Sunday, October 25, 2009

A Flawed Process

If you are a developer and wish to build something in Anna Maria, you work up a site plan and present it to the City. At any point you can ask our City Planner for advice and assistance on bringing your site plan into compliance with City ordinances. The Planner bills the City for the time he's spent on your project, and the City bills you.
You then present your finished plan to the City. If the City has questions about your plan, they refer your presentation to the City Planner, who again reviews it and advises whether or not it's in compliance.

It's a flawed process.

Why? Because no one is perfect. We are all prone to err.
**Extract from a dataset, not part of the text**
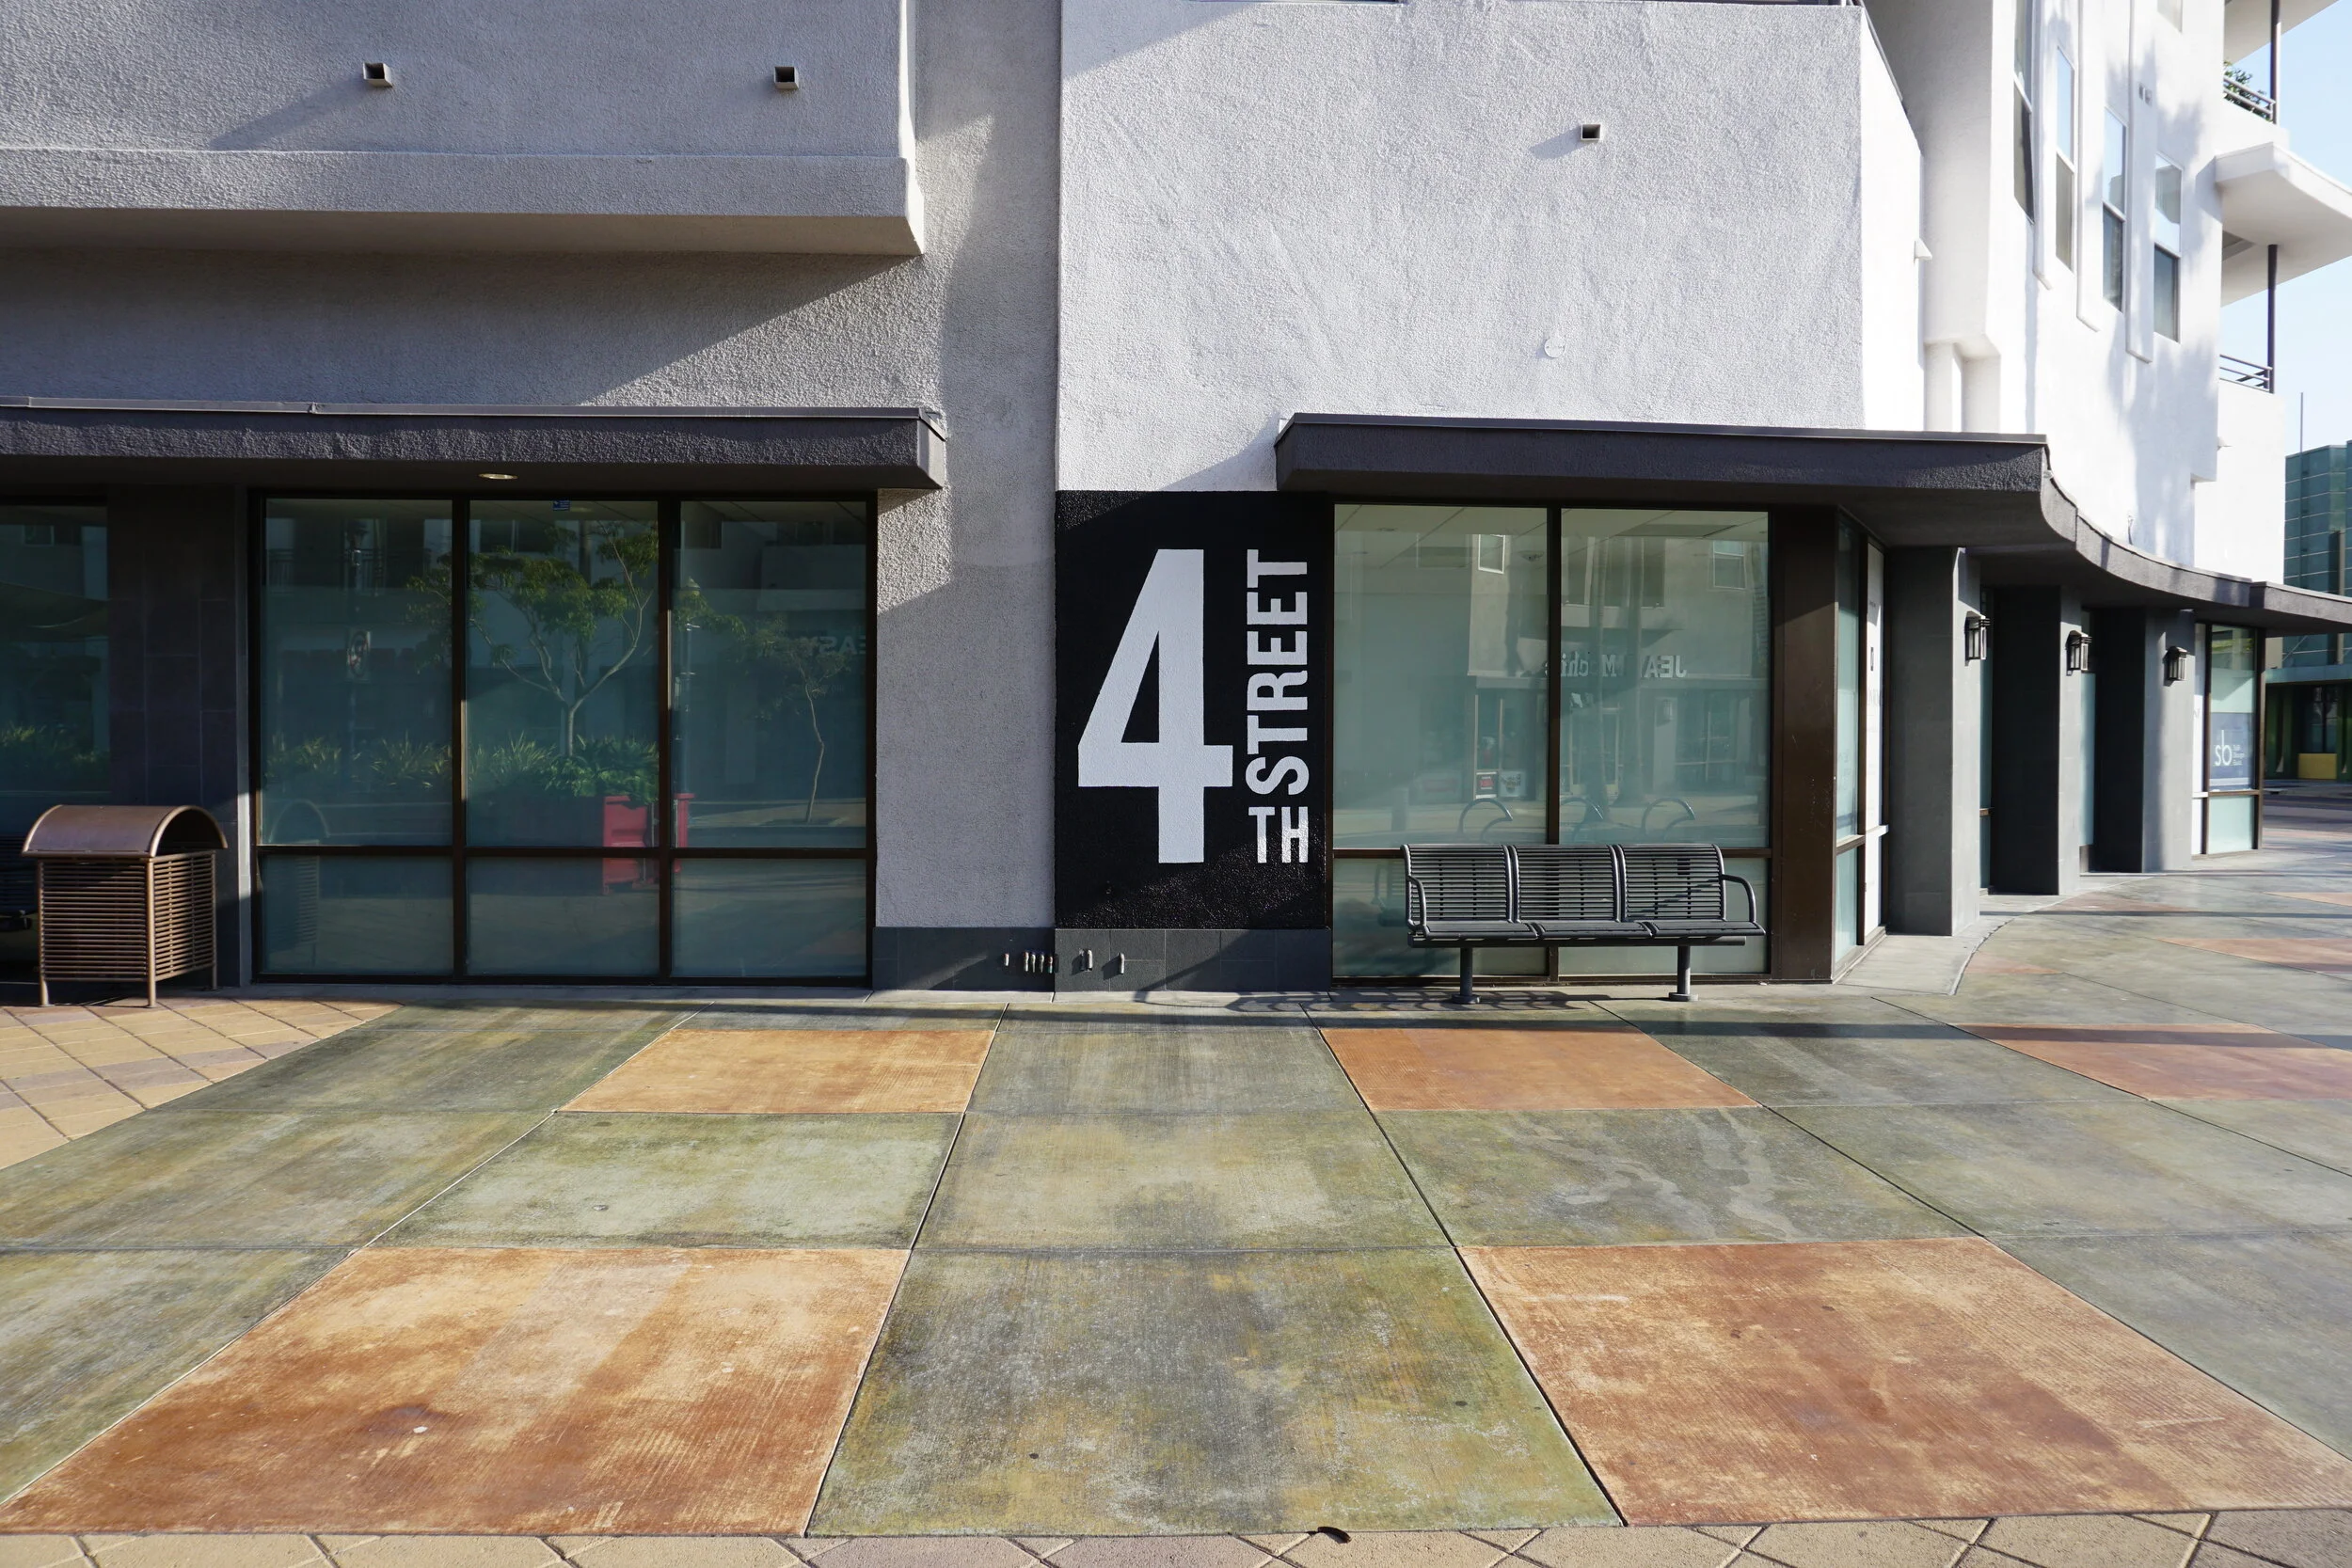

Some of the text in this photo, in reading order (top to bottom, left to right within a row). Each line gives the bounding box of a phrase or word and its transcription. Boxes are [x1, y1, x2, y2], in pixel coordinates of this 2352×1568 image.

[1078, 548, 1232, 863] 4
[1245, 548, 1310, 796] STREET
[2214, 729, 2233, 766] sb
[1248, 805, 1310, 863] TH
If the City Planner errs while advising the developer, he will likely repeat that error while advising the City.

Anna Maria needs to change the planning/approval protocol now in place. We need to strengthen the system of checks and balances to decrease the likelihood of mistakes made in the planning side being automatically perpetuated on the approval side.

We need to reinstate the adversarial dynamic between developers and the City. We want our Planner concentrating on delivering the highest level of scrutiny to every site plan in his purview. And we need him to notify us immediately when any aspect of a site plan, or ordinances pertaining thereto are able to be interpreted more than one way.

We can achieve all of the above with one simple change.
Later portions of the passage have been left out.